Finger-Feeding a Preemie: Follow-up Letter
by Linda Killion Healow, RN
© 1995 Midwifery Today, Inc. All Rights Reserved.
[Editor's note: This letter appeared in Midwifery Today Issue 33, Spring 1995.]
In regards to the article entitled " Finger feeding a preemie " (Issue
No. 29), in which Jude Kurokawa, CNM shared her experience in assisting her premature
grandson to breastfeed through the use of finger-feeding: I would like to clarify
a few important points when working with infants, and especially premature babies,
that are having difficulty breastfeeding.
First and foremost, one must feed the baby. Breastfeeding is
a learned skill for both mother and infant. Some mothers are under the
false impression that if a newborn gets hungry enough, he will simply
latch on to the breast and nurse effectively. If a newborn hasn't had
the opportunity to imprint effective suckling, this is not the case. An
infant unable to latch on to the breast and suckle effectively can become
increasingly weak, dehydrate and genteelly starve. Mothers and those working
with mothers who breastfeed need to know how to tell if a baby is receiving
enough breast milk and where to go for help. Local La Leche League Leaders
and/or lactation consultants can be valuable resources in these situations.
More and more mothers are receiving information on the advantages of breastfeeding.
As these women choose to breastfeed, the greater task of educating our
culture about breastfeeding management remains.
Finger-feeding can serve as a transitional feeding method when helping
a baby to overcome nipple preference and breastfeed. Finger-feeding by
using a 5 French feeding tube, a periodontal syringe, or the Supplemental
Nutrition System available for Medela, Inc. can facilitate an infant's
transition to the breast. In Jude's instance, she was in a remote community
and she chose the method she had on hand.
As Jude mentioned in her account, numerous unsuccessful attempts to
breastfeed had been made while her grandson was hospitalized. The infant
seemed to have a "breast aversion"-having been repeatedly brought
to the breast and then been unable to receive gratification. In some cases
infants can associate the breast with hunger, frustration and unsuccessful
feeding attempts. To allow the infant time to equate spending time at
the breast as something stress-free and pleasant, I suggested that the
mother hold the infant and offer contact with the breast without asking
him to breastfeed. Meanwhile the baby received nourishment by an alternative
method that wouldn't re-enforce nipple confusion. Cup feeding and finger-feeding
were tried, finger-feeding was preferred.

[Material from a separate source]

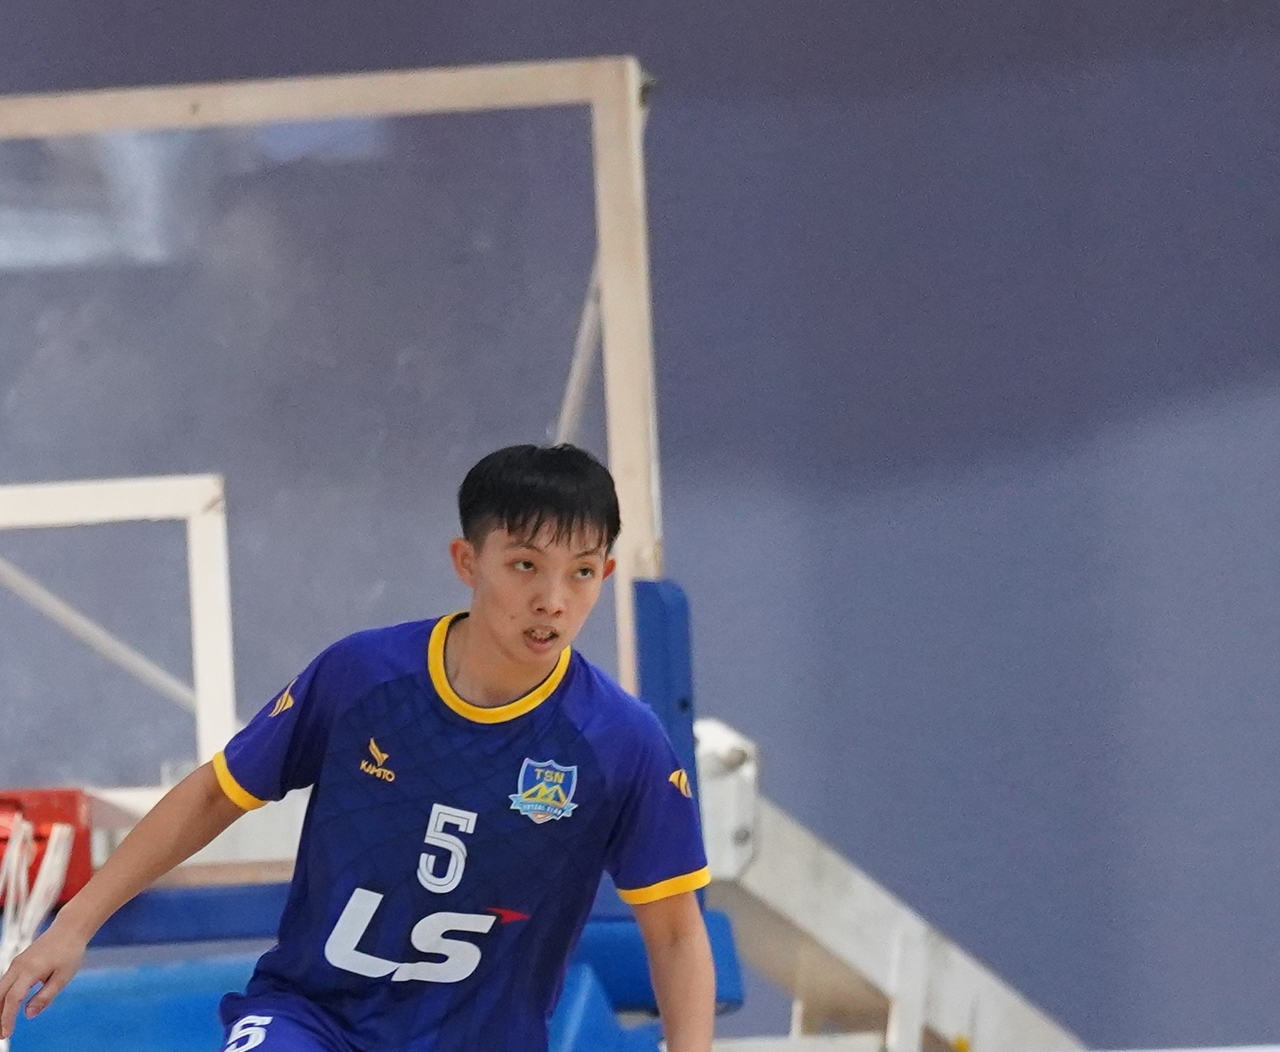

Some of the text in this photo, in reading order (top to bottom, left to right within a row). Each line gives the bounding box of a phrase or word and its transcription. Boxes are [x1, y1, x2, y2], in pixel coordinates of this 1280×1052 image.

[359, 759, 396, 782] KAMITO
[534, 767, 565, 784] TSN
[416, 803, 478, 894] 5
[324, 887, 498, 984] LS

Once the baby began showing more interest in the breast, the breast
was offered while Jude, a knowledgeable health care provider, closely
monitored the infant's hydration and stooling. After a few patient tries
the baby was able to latch on to the breast and breastfeed. The baby's
progress continued to be closely monitored.
For readers contemplating finger-feeding infants, I strongly recommend
they work closely with a health care provider and if further breastfeeding
expertise is needed, those knowledgeable in breastfeeding and finger-feeding
such as La Leche League Leaders and/or lactation consultants.